In Comparative Example 3 in which the thermal conductivity of the resin composition and the cured product was low, not only the above effect was small but also the viscosity of the composition was low. Therefore, it was confirmed that the resin composition was discharged outside the electromagnetic shielding case.

11‧‧‧Electromagnetic shielding box

12‧‧‧Printed substrate

13‧‧‧heating body

14‧‧‧ Thermally conductive resin composition (or hardened material)

15‧‧‧ Non-thermal layer

Claims (3)

A heat dissipating structure comprising: (A) a printed substrate, (B) a heating element, (C) an electromagnetic shielding box, (D) a tensile modulus of elasticity of 50 MPa or less and a thermal conductivity of 0.5 W/mK The above rubber-like thermally conductive resin layer and (E) a non-thermally conductive layer having a thermal conductivity of less than 0.5 W/mK, and a heating element (B) is disposed on the printed substrate (A), and the heating element (B) and The thermally conductive resin layer (D) is in contact with each other, and a non-thermally conductive layer (E) is further provided between the heating element (B) and the electromagnetic shielding case (C).
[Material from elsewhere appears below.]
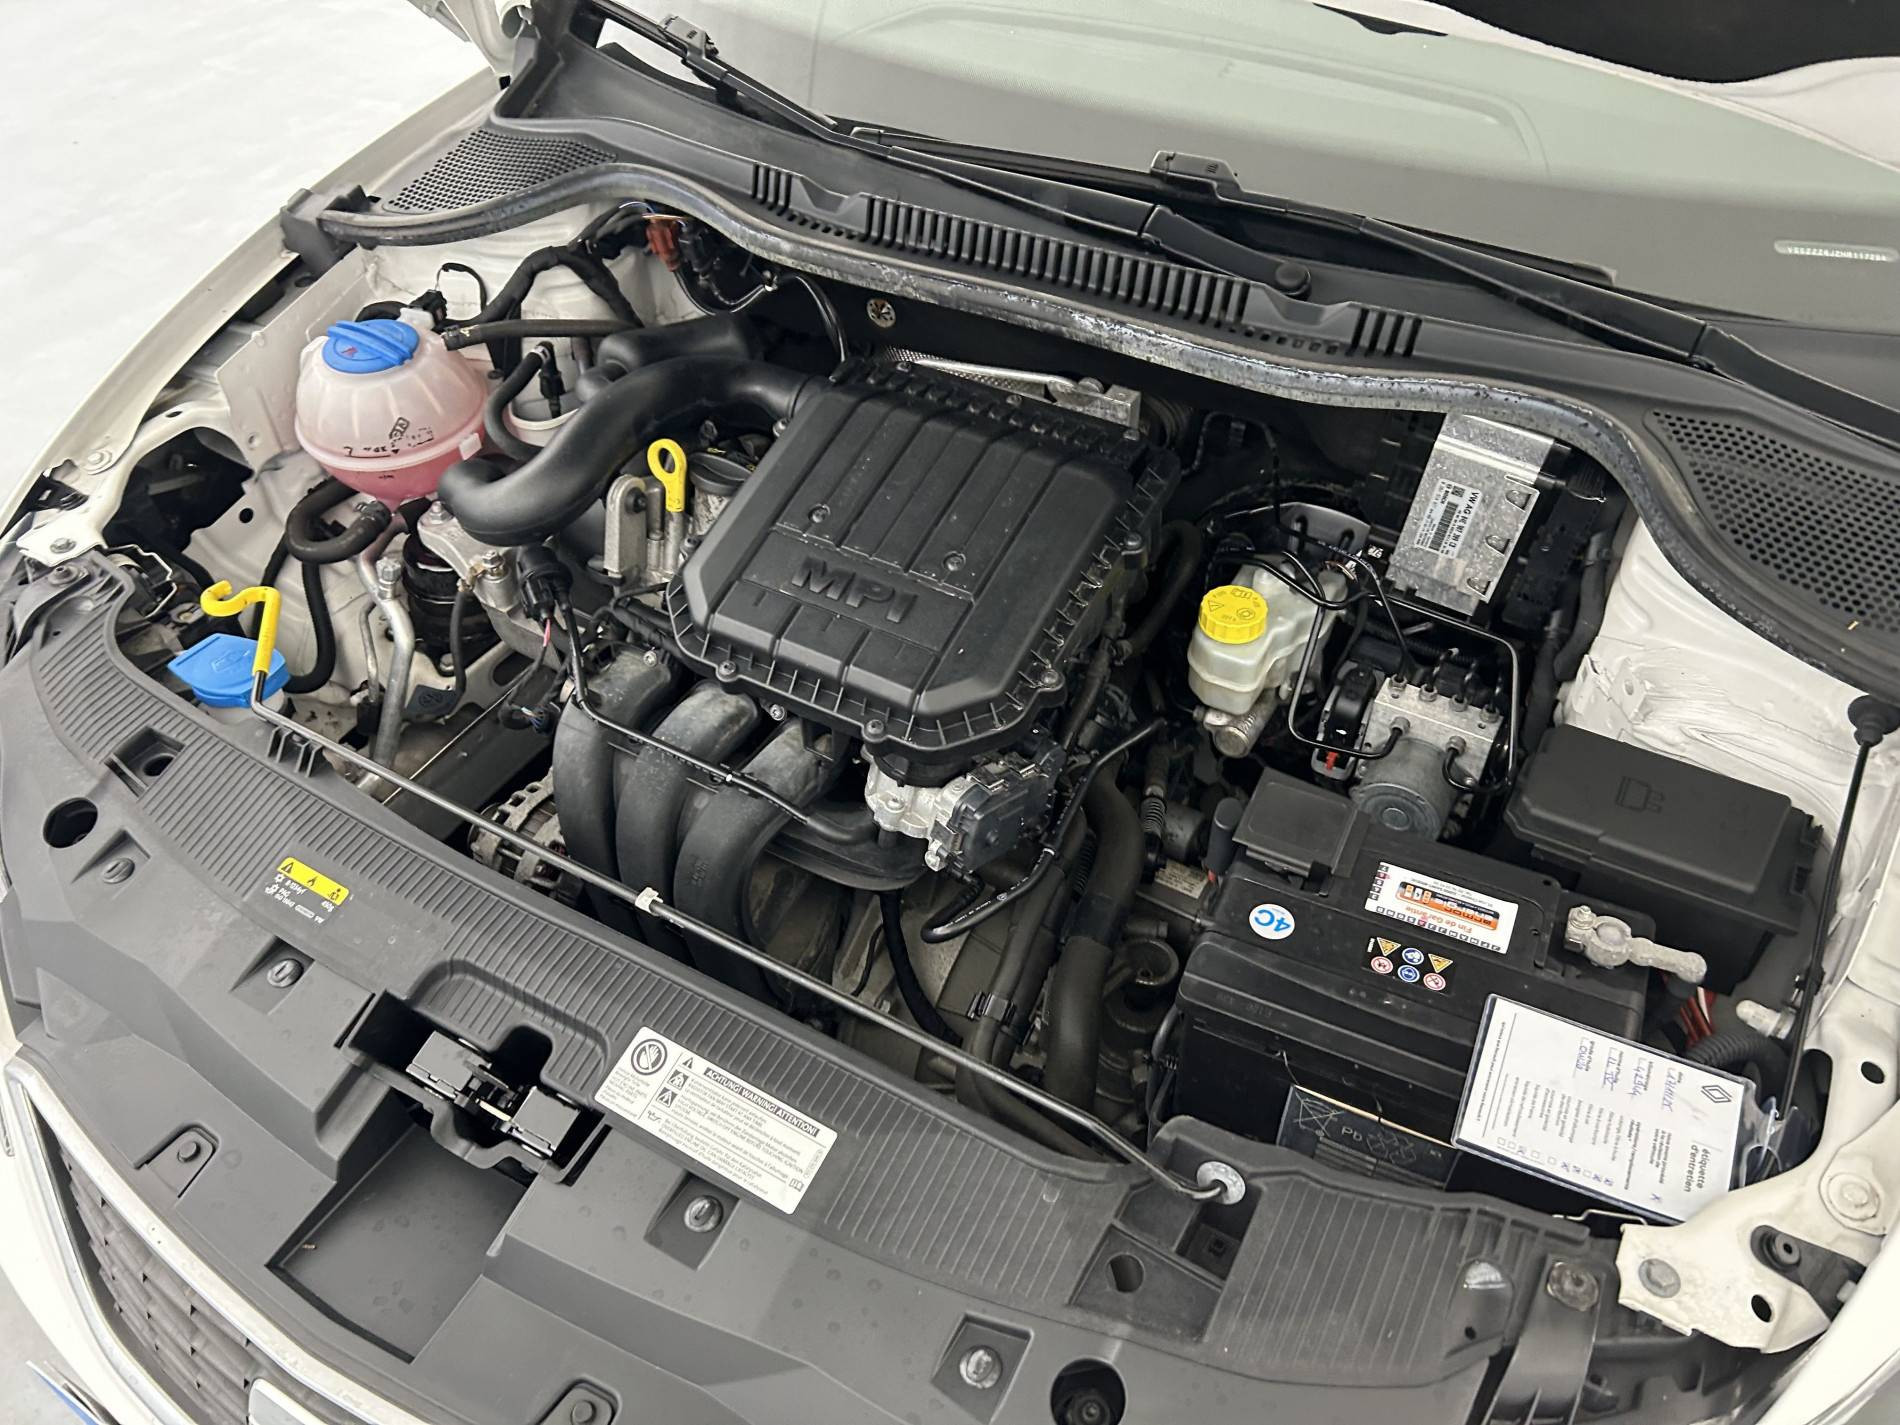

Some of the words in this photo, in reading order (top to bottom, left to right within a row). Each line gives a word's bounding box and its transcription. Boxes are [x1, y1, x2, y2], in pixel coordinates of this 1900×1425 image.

The heat dissipation structure of claim 1, wherein the non-thermal conductive layer (E) is a space layer. The heat dissipating structure according to claim 1 or 2, wherein the thermally conductive resin layer (D) is obtained by curing the thermally conductive resin composition by moisture or heat, and the thermally conductive resin composition comprises (I) hardening. The thermally conductive resin composition of the acrylic resin, the curable polypropylene oxide resin, and the (II) thermally conductive filler has a viscosity of 30 Pa ‧ or more and 3,000 Pa s or less, and a thermal conductivity of 0.5 W/mK or more.